» **Problem to work on**
Every entry should be given again exactly, with nothing dropped.

Text-to-region grounding data
***

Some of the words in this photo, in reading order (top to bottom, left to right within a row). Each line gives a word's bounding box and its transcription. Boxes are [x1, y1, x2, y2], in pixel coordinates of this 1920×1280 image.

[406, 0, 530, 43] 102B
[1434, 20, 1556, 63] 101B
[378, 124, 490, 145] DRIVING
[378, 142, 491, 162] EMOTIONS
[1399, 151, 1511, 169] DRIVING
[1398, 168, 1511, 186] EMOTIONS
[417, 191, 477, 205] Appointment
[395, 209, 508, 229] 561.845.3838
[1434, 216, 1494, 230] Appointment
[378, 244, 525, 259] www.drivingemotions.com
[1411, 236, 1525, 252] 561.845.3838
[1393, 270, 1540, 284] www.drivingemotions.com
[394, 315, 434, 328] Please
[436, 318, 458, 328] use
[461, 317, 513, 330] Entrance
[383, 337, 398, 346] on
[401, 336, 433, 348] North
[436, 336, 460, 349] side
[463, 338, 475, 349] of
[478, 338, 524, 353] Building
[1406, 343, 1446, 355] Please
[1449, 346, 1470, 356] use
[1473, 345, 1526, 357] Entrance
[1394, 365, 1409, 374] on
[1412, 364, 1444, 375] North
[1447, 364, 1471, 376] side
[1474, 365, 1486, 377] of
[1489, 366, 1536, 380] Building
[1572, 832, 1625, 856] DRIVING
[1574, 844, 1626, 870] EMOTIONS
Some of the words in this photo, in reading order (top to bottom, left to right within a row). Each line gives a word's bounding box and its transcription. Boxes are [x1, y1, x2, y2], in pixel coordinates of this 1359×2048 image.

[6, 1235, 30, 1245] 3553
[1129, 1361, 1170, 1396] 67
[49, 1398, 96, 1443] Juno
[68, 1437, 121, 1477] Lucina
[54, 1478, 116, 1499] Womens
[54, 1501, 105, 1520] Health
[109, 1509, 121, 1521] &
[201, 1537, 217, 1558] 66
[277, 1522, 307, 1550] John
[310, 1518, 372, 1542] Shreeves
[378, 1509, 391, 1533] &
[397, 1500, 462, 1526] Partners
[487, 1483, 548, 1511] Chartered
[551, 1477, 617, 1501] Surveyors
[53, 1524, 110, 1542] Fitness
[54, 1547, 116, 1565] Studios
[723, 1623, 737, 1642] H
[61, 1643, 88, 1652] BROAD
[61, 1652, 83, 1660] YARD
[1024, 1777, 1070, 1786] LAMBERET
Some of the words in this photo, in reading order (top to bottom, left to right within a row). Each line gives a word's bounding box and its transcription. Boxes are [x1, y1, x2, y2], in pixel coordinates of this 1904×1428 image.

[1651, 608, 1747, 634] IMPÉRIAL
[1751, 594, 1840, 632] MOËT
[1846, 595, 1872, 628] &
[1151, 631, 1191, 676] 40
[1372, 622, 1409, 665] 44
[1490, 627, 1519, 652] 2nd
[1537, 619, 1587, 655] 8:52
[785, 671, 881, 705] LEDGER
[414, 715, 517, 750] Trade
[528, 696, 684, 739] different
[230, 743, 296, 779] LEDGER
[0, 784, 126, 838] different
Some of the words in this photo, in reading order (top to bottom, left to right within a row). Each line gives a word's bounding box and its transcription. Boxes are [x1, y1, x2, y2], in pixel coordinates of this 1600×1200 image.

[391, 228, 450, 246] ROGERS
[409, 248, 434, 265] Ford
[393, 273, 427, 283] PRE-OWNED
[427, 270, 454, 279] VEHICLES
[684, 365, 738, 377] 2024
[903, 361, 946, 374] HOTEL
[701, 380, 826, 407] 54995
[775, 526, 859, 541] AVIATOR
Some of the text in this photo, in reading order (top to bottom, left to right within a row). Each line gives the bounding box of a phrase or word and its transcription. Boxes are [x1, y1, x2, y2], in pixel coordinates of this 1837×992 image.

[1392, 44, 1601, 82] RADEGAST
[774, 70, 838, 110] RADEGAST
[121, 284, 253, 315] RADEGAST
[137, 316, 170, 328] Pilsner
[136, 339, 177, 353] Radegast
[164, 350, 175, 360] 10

***

» **Solution for this exercise**
Some of the words in this photo, in reading order (top to bottom, left to right within a row). Each line gives a word's bounding box and its transcription. Boxes are [x1, y1, x2, y2], in pixel coordinates of this 1920×1280 image.

[406, 0, 530, 43] 102B
[1434, 20, 1556, 63] 101B
[378, 124, 490, 145] DRIVING
[378, 142, 491, 162] EMOTIONS
[1399, 151, 1511, 169] DRIVING
[1398, 168, 1511, 186] EMOTIONS
[417, 191, 477, 205] Appointment
[395, 209, 508, 229] 561.845.3838
[1434, 216, 1494, 230] Appointment
[378, 244, 525, 259] www.drivingemotions.com
[1411, 236, 1525, 252] 561.845.3838
[1393, 270, 1540, 284] www.drivingemotions.com
[394, 315, 434, 328] Please
[436, 318, 458, 328] use
[461, 317, 513, 330] Entrance
[383, 337, 398, 346] on
[401, 336, 433, 348] North
[436, 336, 460, 349] side
[463, 338, 475, 349] of
[478, 338, 524, 353] Building
[1406, 343, 1446, 355] Please
[1449, 346, 1470, 356] use
[1473, 345, 1526, 357] Entrance
[1394, 365, 1409, 374] on
[1412, 364, 1444, 375] North
[1447, 364, 1471, 376] side
[1474, 365, 1486, 377] of
[1489, 366, 1536, 380] Building
[1572, 832, 1625, 856] DRIVING
[1574, 844, 1626, 870] EMOTIONS
Some of the words in this photo, in reading order (top to bottom, left to right within a row). Each line gives a word's bounding box and its transcription. Boxes are [x1, y1, x2, y2], in pixel coordinates of this 1359×2048 image.

[6, 1235, 30, 1245] 3553
[1129, 1361, 1170, 1396] 67
[49, 1398, 96, 1443] Juno
[68, 1437, 121, 1477] Lucina
[54, 1478, 116, 1499] Womens
[54, 1501, 105, 1520] Health
[109, 1509, 121, 1521] &
[201, 1537, 217, 1558] 66
[277, 1522, 307, 1550] John
[310, 1518, 372, 1542] Shreeves
[378, 1509, 391, 1533] &
[397, 1500, 462, 1526] Partners
[487, 1483, 548, 1511] Chartered
[551, 1477, 617, 1501] Surveyors
[53, 1524, 110, 1542] Fitness
[54, 1547, 116, 1565] Studios
[723, 1623, 737, 1642] H
[61, 1643, 88, 1652] BROAD
[61, 1652, 83, 1660] YARD
[1024, 1777, 1070, 1786] LAMBERET
Some of the words in this photo, in reading order (top to bottom, left to right within a row). Each line gives a word's bounding box and its transcription. Boxes are [x1, y1, x2, y2], in pixel coordinates of this 1904×1428 image.

[1651, 608, 1747, 634] IMPÉRIAL
[1751, 594, 1840, 632] MOËT
[1846, 595, 1872, 628] &
[1151, 631, 1191, 676] 40
[1372, 622, 1409, 665] 44
[1490, 627, 1519, 652] 2nd
[1537, 619, 1587, 655] 8:52
[785, 671, 881, 705] LEDGER
[414, 715, 517, 750] Trade
[528, 696, 684, 739] different
[230, 743, 296, 779] LEDGER
[0, 784, 126, 838] different
Some of the words in this photo, in reading order (top to bottom, left to right within a row). Each line gives a word's bounding box and its transcription. Boxes are [x1, y1, x2, y2], in pixel coordinates of this 1600×1200 image.

[391, 228, 450, 246] ROGERS
[409, 248, 434, 265] Ford
[393, 273, 427, 283] PRE-OWNED
[427, 270, 454, 279] VEHICLES
[684, 365, 738, 377] 2024
[903, 361, 946, 374] HOTEL
[701, 380, 826, 407] 54995
[775, 526, 859, 541] AVIATOR
Some of the text in this photo, in reading order (top to bottom, left to right within a row). Each line gives the bounding box of a phrase or word and its transcription. Boxes are [x1, y1, x2, y2], in pixel coordinates of this 1837×992 image.

[1392, 44, 1601, 82] RADEGAST
[774, 70, 838, 110] RADEGAST
[121, 284, 253, 315] RADEGAST
[137, 316, 170, 328] Pilsner
[136, 339, 177, 353] Radegast
[164, 350, 175, 360] 10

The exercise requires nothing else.